■ ABOUT THIS EXERCISE
Would you please write out each entry that follows, exactly as written?

───── THE DATA ─────

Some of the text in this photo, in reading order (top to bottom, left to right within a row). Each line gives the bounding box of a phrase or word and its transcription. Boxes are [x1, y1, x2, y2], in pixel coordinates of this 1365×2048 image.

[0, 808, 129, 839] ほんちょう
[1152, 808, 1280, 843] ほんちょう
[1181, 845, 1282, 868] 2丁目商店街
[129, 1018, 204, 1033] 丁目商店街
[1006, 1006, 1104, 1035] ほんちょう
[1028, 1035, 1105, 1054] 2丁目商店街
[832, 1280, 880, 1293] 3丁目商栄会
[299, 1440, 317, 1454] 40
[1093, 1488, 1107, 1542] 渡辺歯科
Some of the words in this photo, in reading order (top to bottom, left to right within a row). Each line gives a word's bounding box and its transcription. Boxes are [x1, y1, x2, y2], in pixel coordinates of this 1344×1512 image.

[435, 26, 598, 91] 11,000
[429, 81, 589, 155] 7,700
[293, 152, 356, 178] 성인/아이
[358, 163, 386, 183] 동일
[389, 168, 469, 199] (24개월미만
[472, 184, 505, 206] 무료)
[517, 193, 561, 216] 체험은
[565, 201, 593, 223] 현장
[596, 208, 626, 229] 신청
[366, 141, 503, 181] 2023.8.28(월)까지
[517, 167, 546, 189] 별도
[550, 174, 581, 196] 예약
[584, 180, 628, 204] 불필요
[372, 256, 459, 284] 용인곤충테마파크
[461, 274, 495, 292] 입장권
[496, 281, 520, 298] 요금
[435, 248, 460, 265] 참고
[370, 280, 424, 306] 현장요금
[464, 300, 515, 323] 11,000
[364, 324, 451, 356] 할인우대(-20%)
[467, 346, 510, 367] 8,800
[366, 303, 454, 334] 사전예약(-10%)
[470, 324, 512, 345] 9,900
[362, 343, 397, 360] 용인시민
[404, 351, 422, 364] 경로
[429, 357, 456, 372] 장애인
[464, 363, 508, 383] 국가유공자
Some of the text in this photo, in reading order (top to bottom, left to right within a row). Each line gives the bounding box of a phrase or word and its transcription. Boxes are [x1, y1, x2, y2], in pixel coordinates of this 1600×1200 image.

─────

■ WRITTEN SOLUTION
Some of the text in this photo, in reading order (top to bottom, left to right within a row). Each line gives the bounding box of a phrase or word and its transcription. Boxes are [x1, y1, x2, y2], in pixel coordinates of this 1365×2048 image.

[0, 808, 129, 839] ほんちょう
[1152, 808, 1280, 843] ほんちょう
[1181, 845, 1282, 868] 2丁目商店街
[129, 1018, 204, 1033] 丁目商店街
[1006, 1006, 1104, 1035] ほんちょう
[1028, 1035, 1105, 1054] 2丁目商店街
[832, 1280, 880, 1293] 3丁目商栄会
[299, 1440, 317, 1454] 40
[1093, 1488, 1107, 1542] 渡辺歯科
Some of the words in this photo, in reading order (top to bottom, left to right within a row). Each line gives a word's bounding box and its transcription. Boxes are [x1, y1, x2, y2], in pixel coordinates of this 1344×1512 image.

[435, 26, 598, 91] 11,000
[429, 81, 589, 155] 7,700
[293, 152, 356, 178] 성인/아이
[358, 163, 386, 183] 동일
[389, 168, 469, 199] (24개월미만
[472, 184, 505, 206] 무료)
[517, 193, 561, 216] 체험은
[565, 201, 593, 223] 현장
[596, 208, 626, 229] 신청
[366, 141, 503, 181] 2023.8.28(월)까지
[517, 167, 546, 189] 별도
[550, 174, 581, 196] 예약
[584, 180, 628, 204] 불필요
[372, 256, 459, 284] 용인곤충테마파크
[461, 274, 495, 292] 입장권
[496, 281, 520, 298] 요금
[435, 248, 460, 265] 참고
[370, 280, 424, 306] 현장요금
[464, 300, 515, 323] 11,000
[364, 324, 451, 356] 할인우대(-20%)
[467, 346, 510, 367] 8,800
[366, 303, 454, 334] 사전예약(-10%)
[470, 324, 512, 345] 9,900
[362, 343, 397, 360] 용인시민
[404, 351, 422, 364] 경로
[429, 357, 456, 372] 장애인
[464, 363, 508, 383] 국가유공자
Some of the text in this photo, in reading order (top to bottom, left to right within a row). Each line gives the bounding box of a phrase or word and its transcription. Boxes are [x1, y1, x2, y2], in pixel coordinates of this 1600×1200 image.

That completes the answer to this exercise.